What you have to do: Write the data out verbatim.

╭─ Data provided

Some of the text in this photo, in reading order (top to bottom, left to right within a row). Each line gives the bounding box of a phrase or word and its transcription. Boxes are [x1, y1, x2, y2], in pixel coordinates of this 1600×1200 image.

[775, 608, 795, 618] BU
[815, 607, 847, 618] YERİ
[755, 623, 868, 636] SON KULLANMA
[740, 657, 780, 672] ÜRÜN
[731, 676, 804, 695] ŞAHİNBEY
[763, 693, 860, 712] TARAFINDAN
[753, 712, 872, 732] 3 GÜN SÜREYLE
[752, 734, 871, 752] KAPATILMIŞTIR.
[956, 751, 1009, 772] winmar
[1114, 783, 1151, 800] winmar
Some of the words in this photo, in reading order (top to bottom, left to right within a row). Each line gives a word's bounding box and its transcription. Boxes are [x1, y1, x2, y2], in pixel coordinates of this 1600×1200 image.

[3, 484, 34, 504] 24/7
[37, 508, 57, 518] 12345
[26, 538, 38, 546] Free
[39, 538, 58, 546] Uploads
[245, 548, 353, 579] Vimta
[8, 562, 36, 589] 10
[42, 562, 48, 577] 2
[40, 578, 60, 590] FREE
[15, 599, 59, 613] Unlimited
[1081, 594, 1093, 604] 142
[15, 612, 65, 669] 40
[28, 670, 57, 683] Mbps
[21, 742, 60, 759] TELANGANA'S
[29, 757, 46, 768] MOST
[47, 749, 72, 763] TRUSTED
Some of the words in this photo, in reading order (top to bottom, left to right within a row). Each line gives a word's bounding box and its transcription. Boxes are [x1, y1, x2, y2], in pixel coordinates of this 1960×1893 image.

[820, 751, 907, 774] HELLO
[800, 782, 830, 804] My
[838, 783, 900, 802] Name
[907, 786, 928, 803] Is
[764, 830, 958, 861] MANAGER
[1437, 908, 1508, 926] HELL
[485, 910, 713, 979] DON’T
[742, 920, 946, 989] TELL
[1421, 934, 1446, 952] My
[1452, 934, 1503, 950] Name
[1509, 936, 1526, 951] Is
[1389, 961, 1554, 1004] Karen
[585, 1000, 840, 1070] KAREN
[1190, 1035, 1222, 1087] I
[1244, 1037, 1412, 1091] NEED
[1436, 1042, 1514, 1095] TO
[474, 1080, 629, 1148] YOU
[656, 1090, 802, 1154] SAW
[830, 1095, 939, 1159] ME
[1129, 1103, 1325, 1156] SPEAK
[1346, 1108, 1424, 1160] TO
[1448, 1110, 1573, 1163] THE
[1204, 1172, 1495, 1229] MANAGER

╰─

Problem solution:
Some of the text in this photo, in reading order (top to bottom, left to right within a row). Each line gives the bounding box of a phrase or word and its transcription. Boxes are [x1, y1, x2, y2], in pixel coordinates of this 1600×1200 image.

[775, 608, 795, 618] BU
[815, 607, 847, 618] YERİ
[755, 623, 868, 636] SON KULLANMA
[740, 657, 780, 672] ÜRÜN
[731, 676, 804, 695] ŞAHİNBEY
[763, 693, 860, 712] TARAFINDAN
[753, 712, 872, 732] 3 GÜN SÜREYLE
[752, 734, 871, 752] KAPATILMIŞTIR.
[956, 751, 1009, 772] winmar
[1114, 783, 1151, 800] winmar
Some of the words in this photo, in reading order (top to bottom, left to right within a row). Each line gives a word's bounding box and its transcription. Boxes are [x1, y1, x2, y2], in pixel coordinates of this 1600×1200 image.

[3, 484, 34, 504] 24/7
[37, 508, 57, 518] 12345
[26, 538, 38, 546] Free
[39, 538, 58, 546] Uploads
[245, 548, 353, 579] Vimta
[8, 562, 36, 589] 10
[42, 562, 48, 577] 2
[40, 578, 60, 590] FREE
[15, 599, 59, 613] Unlimited
[1081, 594, 1093, 604] 142
[15, 612, 65, 669] 40
[28, 670, 57, 683] Mbps
[21, 742, 60, 759] TELANGANA'S
[29, 757, 46, 768] MOST
[47, 749, 72, 763] TRUSTED
Some of the words in this photo, in reading order (top to bottom, left to right within a row). Each line gives a word's bounding box and its transcription. Boxes are [x1, y1, x2, y2], in pixel coordinates of this 1960×1893 image.

[820, 751, 907, 774] HELLO
[800, 782, 830, 804] My
[838, 783, 900, 802] Name
[907, 786, 928, 803] Is
[764, 830, 958, 861] MANAGER
[1437, 908, 1508, 926] HELL
[485, 910, 713, 979] DON’T
[742, 920, 946, 989] TELL
[1421, 934, 1446, 952] My
[1452, 934, 1503, 950] Name
[1509, 936, 1526, 951] Is
[1389, 961, 1554, 1004] Karen
[585, 1000, 840, 1070] KAREN
[1190, 1035, 1222, 1087] I
[1244, 1037, 1412, 1091] NEED
[1436, 1042, 1514, 1095] TO
[474, 1080, 629, 1148] YOU
[656, 1090, 802, 1154] SAW
[830, 1095, 939, 1159] ME
[1129, 1103, 1325, 1156] SPEAK
[1346, 1108, 1424, 1160] TO
[1448, 1110, 1573, 1163] THE
[1204, 1172, 1495, 1229] MANAGER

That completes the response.